*** Opening of Study material ***

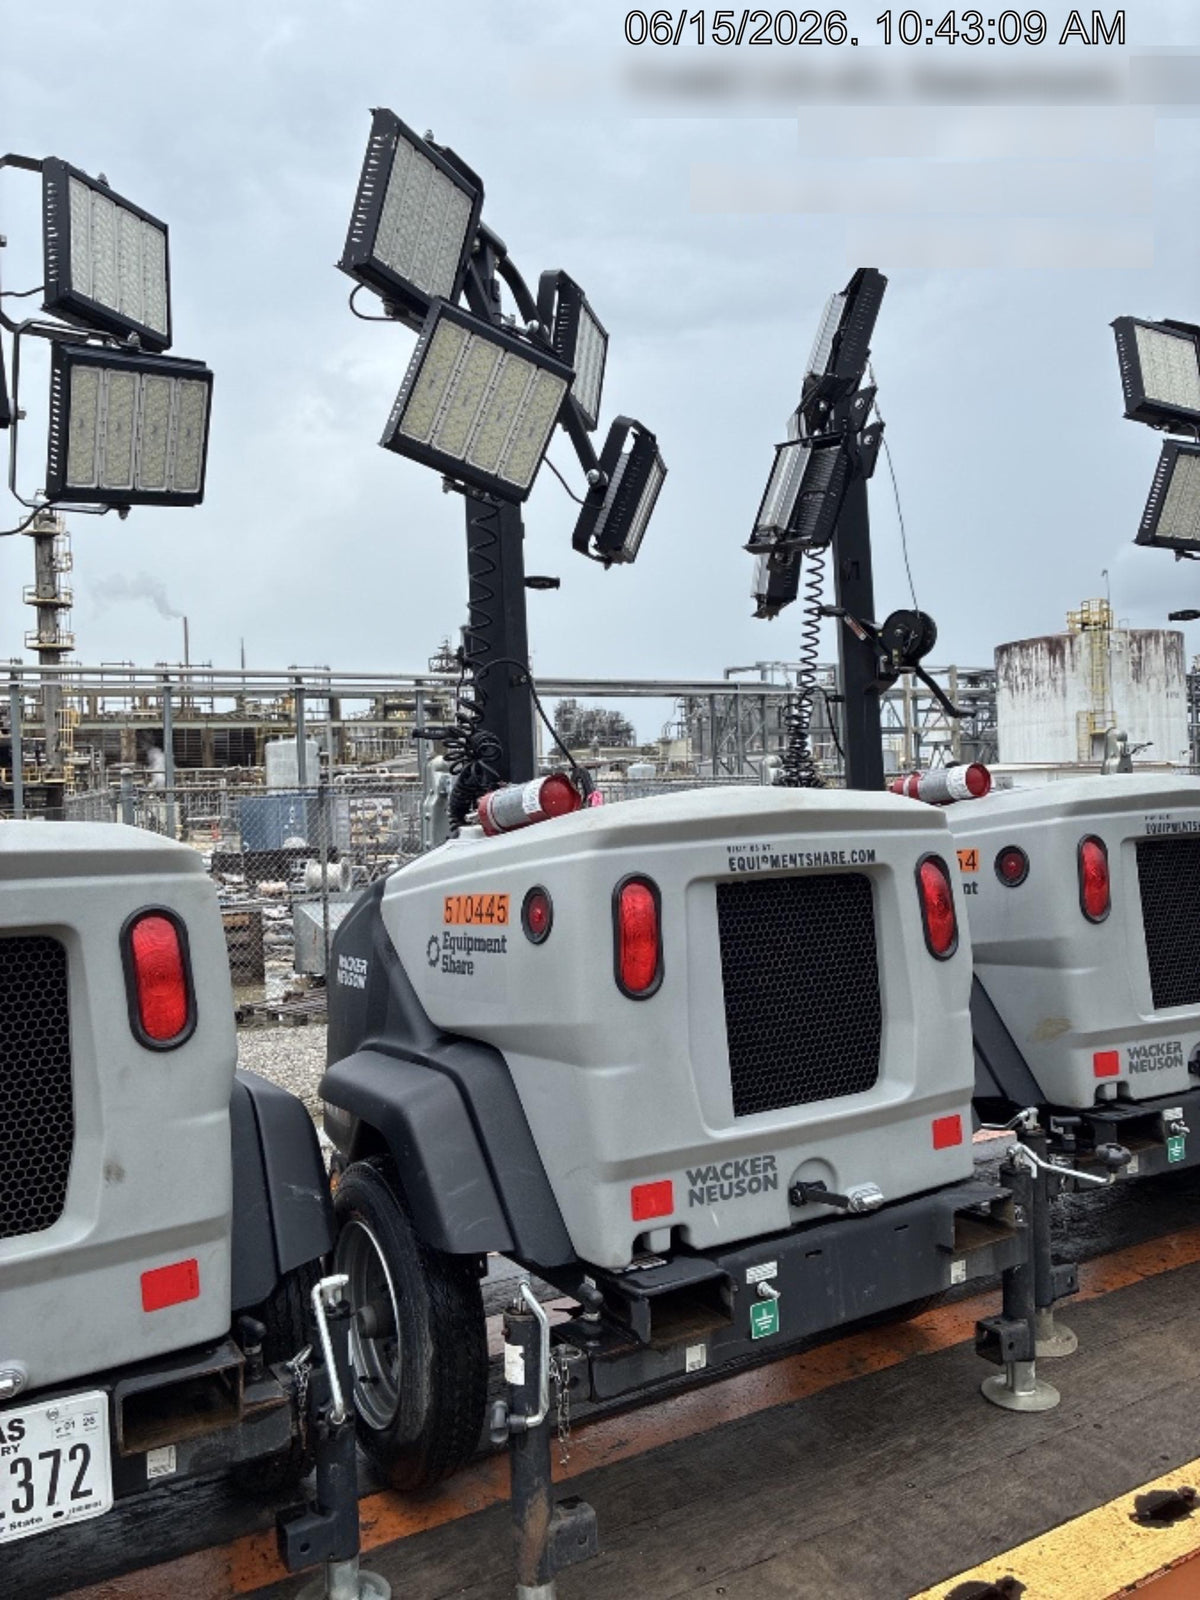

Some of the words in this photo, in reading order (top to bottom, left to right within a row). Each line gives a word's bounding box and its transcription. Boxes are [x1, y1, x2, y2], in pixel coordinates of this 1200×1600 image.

[445, 895, 507, 924] 510445
[442, 931, 508, 956] Equipment
[441, 954, 474, 976] Share
[1127, 1041, 1183, 1060] WACKER
[1128, 1054, 1184, 1075] NEUSON
[686, 1155, 778, 1187] WACKER
[688, 1173, 778, 1208] NEUSON
[1, 1443, 20, 1456] RY
[0, 1442, 93, 1519] 372

*** Close of Study material ***

- **Your assignment**: The answer consists of the records repeated exactly, without any images.

- **Reply**:
Some of the words in this photo, in reading order (top to bottom, left to right within a row). Each line gives a word's bounding box and its transcription. Boxes are [x1, y1, x2, y2], in pixel coordinates of this 1200×1600 image.

[445, 895, 507, 924] 510445
[442, 931, 508, 956] Equipment
[441, 954, 474, 976] Share
[1127, 1041, 1183, 1060] WACKER
[1128, 1054, 1184, 1075] NEUSON
[686, 1155, 778, 1187] WACKER
[688, 1173, 778, 1208] NEUSON
[1, 1443, 20, 1456] RY
[0, 1442, 93, 1519] 372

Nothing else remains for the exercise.